Alright, enough of all this Star Wars stuff.  Let’s be different!  And by that, I mean let’s look at something from the other sequel to a wildly successful space opera franchise!  Yes, let’s have a look at something from one of my top movies of the year, Guardians of the Galaxy Vol. 2.  I’ll be spending the next four days looking at the Minimates from the film, kicking things off with the film’s lead Star-Lord, alongside his pseudo father figure Yondu!

THE FIGURES THEMSELVES

Star-Lord and Yondu were one of the two shared two-packs between Marvel Minimates Series 71 and the TRU-exclusive Guardians of the Galaxy Vol. 2 assortment.  As you can probably gather, they’re based on the characters appearances in the second Guardians movie.

STAR-LORD

This marks Star-Lord’s third time as a Minimate.  His ‘mate from the first film was by far the most disappointing of the original bunch, and while the Animated version was certainly a marked improvement, he was still an Animated design, so he didn’t quite fit.  This ‘mate gives us Peter in his short-jacketed look, which is definitely his most prominent.  The figure stands about 2 1/4 inches tall and he has the standard 14 points of articulation.  He’s build on the basic ‘mate body, with add-ons for his hair and jacket.  Both pieces are new to this figure, and they do a solid job of translating Star-Lord’s on-screen appearance into ‘mate form.  His paintwork also does a pretty respectable job of conveying his film design. The face still isn’t a spot-on Pratt likeness, but it’s certainly better than the last two Star-Lords.  I do have to say, I sort of miss the t-shirt’s logo like we saw on all of the Legends figures, but at least his torso isn’t a completely blank block.  Star-Lord’s packed with his twin element guns, his helmet, and a clear display stand, all of which are repacked from the first Star-Lord.  The mask seems a little tighter than it was before, and I actually ended up injuring myself getting it back off of him for the photos, so be careful.

YONDU

Yondu’s only prior ‘mate is his TRU-exclusive one for the first film.  But, of course, that one had Yondu’s old, stubby little head-fin.  This one has his new pointy awesome one!  That’s an important distinction!  Like Star-Lord, he’s built on the usual body, with add-ons for his head-fin, jacket, and belt.  The jacket is re-used from the last Yondu (sensible, since it’s the same jacket and all), and remains a pretty solid piece.  The fin is obviously changed to reflect the new design, but is also just a lot sharper on the sculpting.  That’s a definite plus.  The belt’s just a belt, but it does what it’s supposed to, so that’s good.  Like his predecessor, this Yondu’s sporting some awesome paint work.  The details are very sharp, and they’ve gotten all of the little bits and bobs of his costume.  I liked the last Yondu’s Rooker likeness just fine, but I think this one’s even better, if you can believe it.  While the last Yondu lacked any sort of extras beyond his display stand, this one gets perhaps his most important extra: his arrow!  Now he can be Mary Poppins y’all!

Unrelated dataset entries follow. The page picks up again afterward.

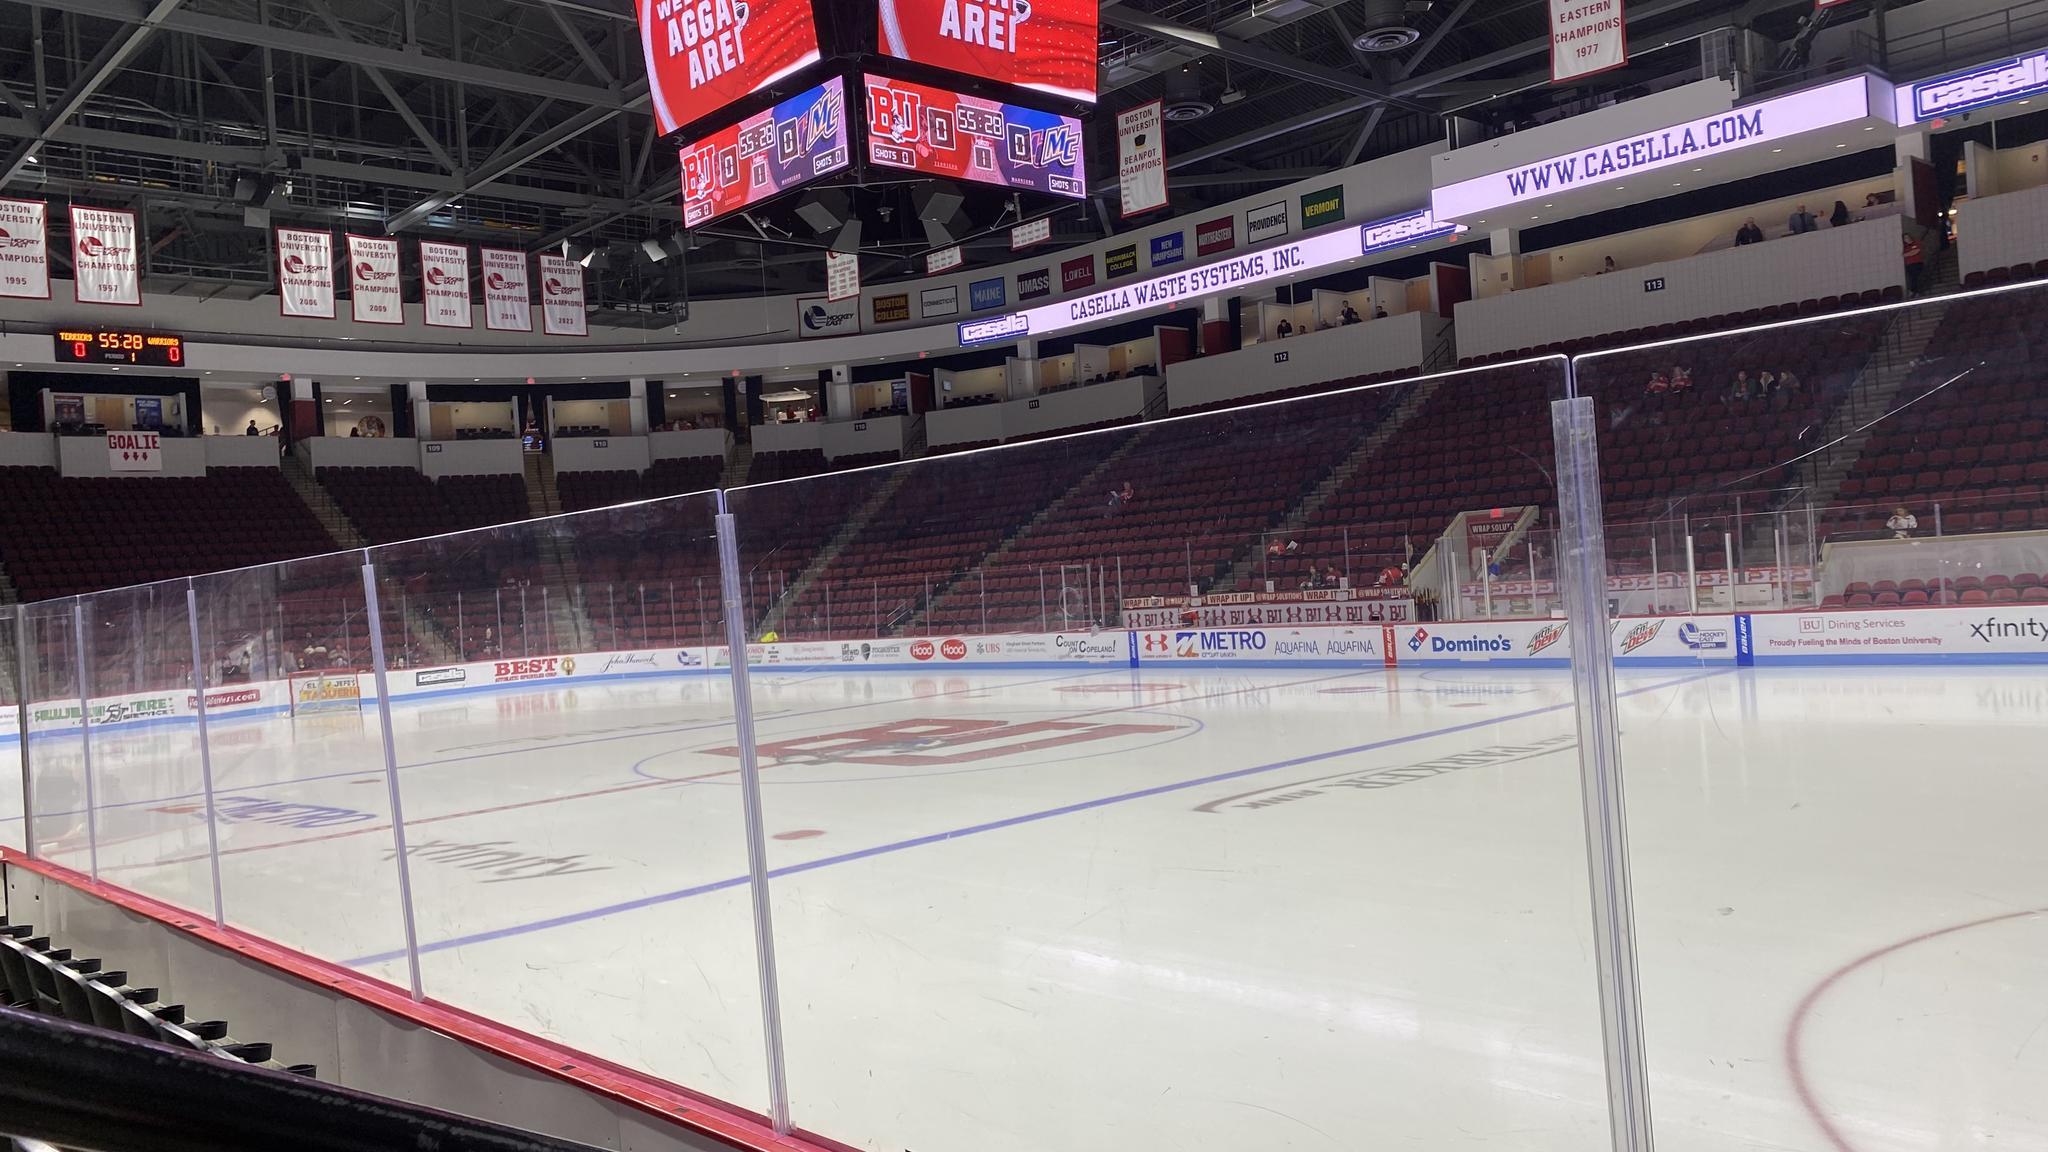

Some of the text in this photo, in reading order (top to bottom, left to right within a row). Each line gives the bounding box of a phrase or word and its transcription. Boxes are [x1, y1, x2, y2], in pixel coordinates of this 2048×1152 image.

[1560, 0, 1611, 23] EASTERN
[1555, 17, 1620, 44] CHAMPIONS
[1576, 44, 1599, 58] 1977
[805, 86, 843, 152] MC
[868, 85, 921, 143] BU
[1125, 108, 1153, 125] BOSTON
[936, 118, 947, 141] 0
[958, 110, 1001, 135] 55:28
[1119, 116, 1161, 137] UNIVERSITY
[740, 123, 774, 155] 55:28
[783, 129, 793, 153] 0
[1015, 133, 1025, 155] 0
[1041, 124, 1080, 166] MC
[835, 150, 842, 164] 0
[875, 148, 909, 164] SHOTS 0
[1124, 147, 1157, 166] BEANPOT
[1507, 109, 1764, 196] WWW.CASELLA.COM
[724, 154, 734, 178] 0
[815, 155, 833, 171] SHOTS
[1121, 157, 1162, 178] CHAMPIONS
[683, 144, 715, 202] BU
[1051, 178, 1079, 193] SHOTS 0
[1304, 198, 1340, 217] VERMONT
[83, 212, 122, 223] BOSTON
[1249, 213, 1286, 233] PROVIDENCE
[75, 222, 133, 233] UNIVERSITY
[287, 233, 320, 243] BOSTON
[357, 241, 388, 250] BOSTON
[280, 242, 328, 253] UNIVERSITY
[352, 250, 397, 260] UNIVERSITY
[429, 246, 459, 256] BOSTON
[1152, 247, 1183, 263] HAMPSHIRE
[423, 255, 466, 265] UNIVERSITY
[490, 253, 518, 262] BOSTON
[548, 258, 574, 267] BOSTON
[78, 260, 136, 272] CHAMPIONS
[484, 261, 525, 271] UNIVERSITY
[542, 267, 581, 276] UNIVERSITY
[1110, 259, 1134, 273] COLLEGE
[5, 276, 27, 285] 1995
[1064, 267, 1092, 282] LOWELL
[98, 284, 118, 292] 1997
[283, 278, 331, 288] CHAMPIONS
[354, 284, 399, 294] CHAMPIONS
[1018, 275, 1049, 295] UMASS
[1071, 246, 1305, 320] CASELLA WASTE SYSTEMS, INC.
[1646, 280, 1663, 290] 113
[426, 288, 468, 299] CHAMPIONS
[487, 293, 528, 303] CHAMPIONS
[974, 287, 1001, 303] MAINE
[545, 298, 583, 308] CHAMPIONS
[875, 298, 906, 310] BOSTON
[440, 309, 457, 317] 2015
[826, 312, 855, 321] HOCKEY
[875, 308, 909, 321] COLLEGE
[825, 319, 842, 327] EAST
[963, 313, 1028, 341] casella
[99, 333, 143, 349] 55:28
[75, 342, 86, 357] 0
[169, 347, 179, 362] 0
[1275, 353, 1287, 361] 112
[108, 434, 160, 450] GOALIE
[1472, 525, 1490, 533] WRAP
[1210, 595, 1226, 603] WRAP
[1240, 593, 1252, 602] UP!
[1306, 591, 1329, 600] WRAP
[1123, 600, 1141, 608] WRAP
[1144, 613, 1158, 627] BU
[1230, 610, 1244, 625] BU
[1266, 609, 1282, 624] BU
[1306, 608, 1321, 622] BU
[1346, 606, 1363, 622] BU
[1390, 605, 1407, 621] BU
[1803, 618, 1905, 632] BU Dining Services
[1970, 617, 2048, 643] xfinity
[1201, 631, 1266, 650] METRO
[1275, 640, 1320, 655] AQUAFINA
[1327, 640, 1375, 655] AQUAFINA
[1431, 634, 1511, 653] Domino's
[1769, 636, 1942, 649] Proudly Fueling the Minds of Boston University
[912, 645, 933, 656] Hood
[944, 644, 964, 656] Hood
[985, 643, 1000, 654] UBS
[494, 658, 557, 677] BEST
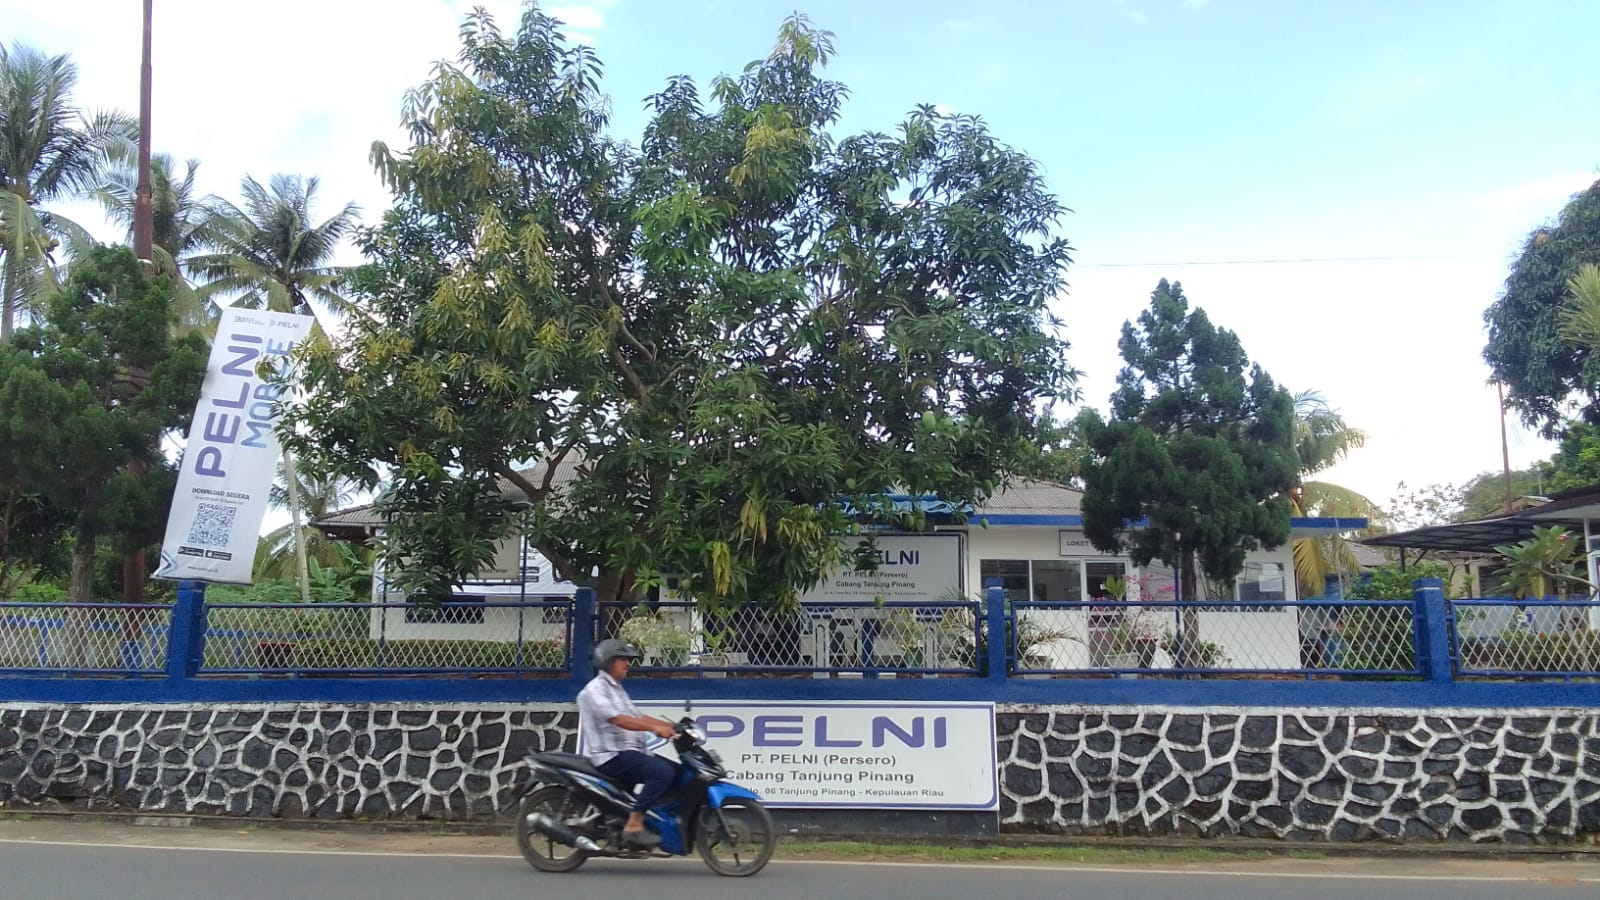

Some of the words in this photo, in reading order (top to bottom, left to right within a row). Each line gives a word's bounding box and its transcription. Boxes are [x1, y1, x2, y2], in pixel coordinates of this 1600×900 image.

[194, 333, 263, 478] PELNI
[192, 487, 225, 497] DOWNLOAD
[226, 491, 250, 501] SEGERA
[695, 715, 947, 748] PELNI
[741, 753, 764, 764] PT.
[770, 753, 819, 765] PELNI
[823, 754, 897, 768] (Persero)
[725, 769, 784, 783] Cabang
[789, 770, 853, 784] Tanjung
[858, 771, 914, 784] Pinang
[779, 787, 819, 797] Tanjung
[821, 787, 856, 797] Pinang
[865, 788, 919, 798] Kepulauan
[921, 788, 944, 797] Riau

THE ME HALF OF THE EQUATION

I don’t know why it took me so long to finally pick this series up.  I was in a bit of a money crunch when they first hit, but I’ve had the whole summer to track them down, and just never got around to it.  I finally ended up grabbing the whole series from Luke’s Toy Store during their Black Friday sale, allowing me to get them for a pretty solid deal, too.  I have both Star-Lord and Yondu as Minimates already, but there’s no denying that these are both the superior versions, and I’m glad I finally got around to grabbing them.